**Data for processing**
+===+

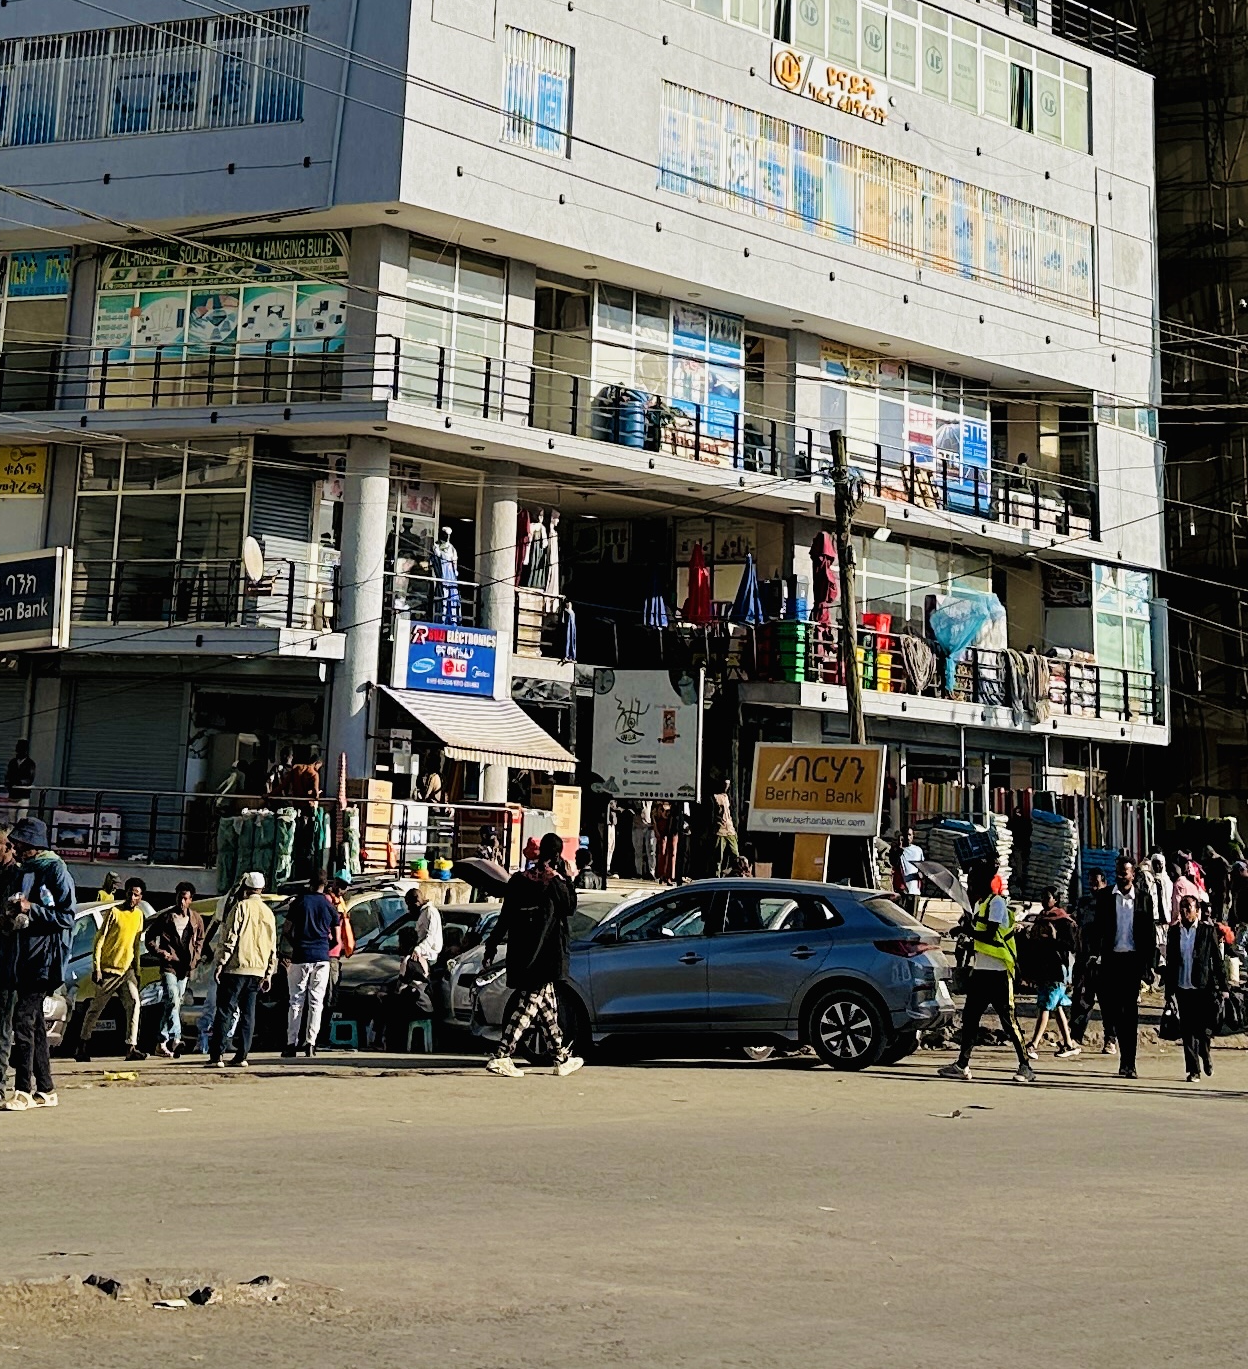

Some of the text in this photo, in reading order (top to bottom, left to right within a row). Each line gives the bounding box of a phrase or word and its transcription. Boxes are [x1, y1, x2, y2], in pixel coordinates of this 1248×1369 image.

[179, 244, 210, 264] SOLAR
[262, 240, 307, 260] HANGING
[307, 237, 333, 257] BULB
[5, 573, 37, 597] ባንክ
[17, 597, 49, 620] Bank
[765, 786, 863, 804] Berhan Bank
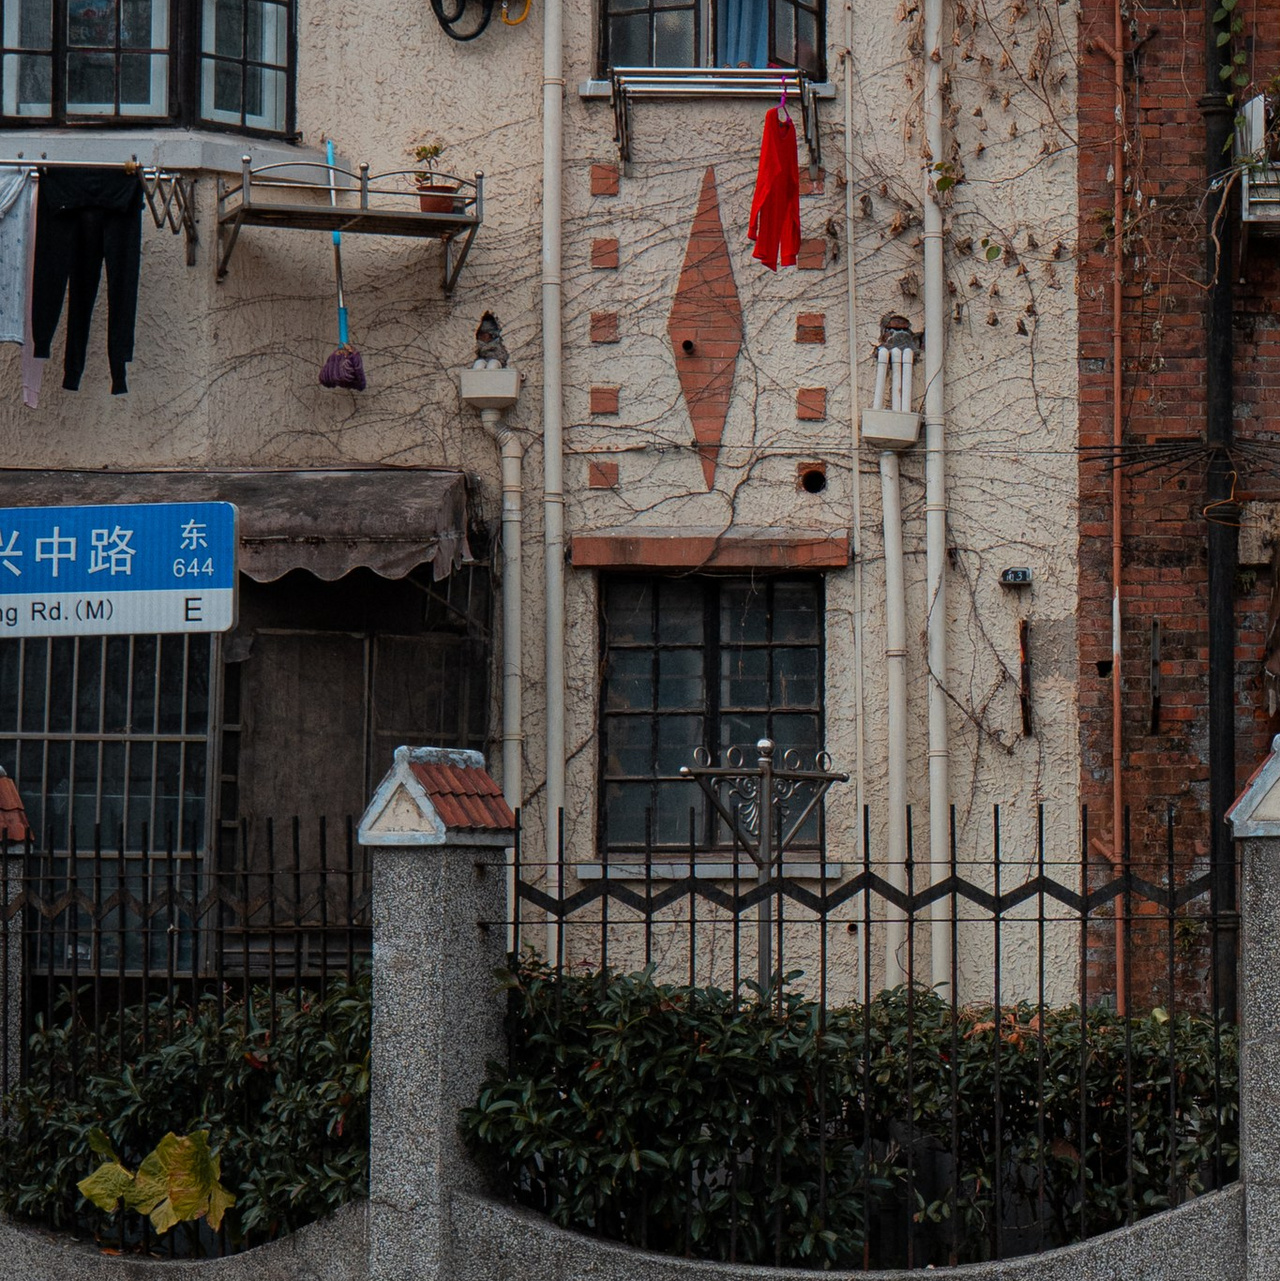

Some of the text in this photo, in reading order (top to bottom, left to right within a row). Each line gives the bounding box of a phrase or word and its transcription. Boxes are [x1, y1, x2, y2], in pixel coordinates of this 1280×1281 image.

+===+

**What you need to do**
For this step, transcribe all the material above exactly and drop the images.

**Solution**
Some of the text in this photo, in reading order (top to bottom, left to right within a row). Each line gives the bounding box of a phrase or word and its transcription. Boxes are [x1, y1, x2, y2], in pixel coordinates of this 1248×1369 image.

[179, 244, 210, 264] SOLAR
[262, 240, 307, 260] HANGING
[307, 237, 333, 257] BULB
[5, 573, 37, 597] ባንክ
[17, 597, 49, 620] Bank
[765, 786, 863, 804] Berhan Bank

Some of the text in this photo, in reading order (top to bottom, left to right within a row). Each line gives the bounding box of a phrase or word and its transcription. Boxes are [x1, y1, x2, y2], in pixel coordinates of this 1280×1281 image.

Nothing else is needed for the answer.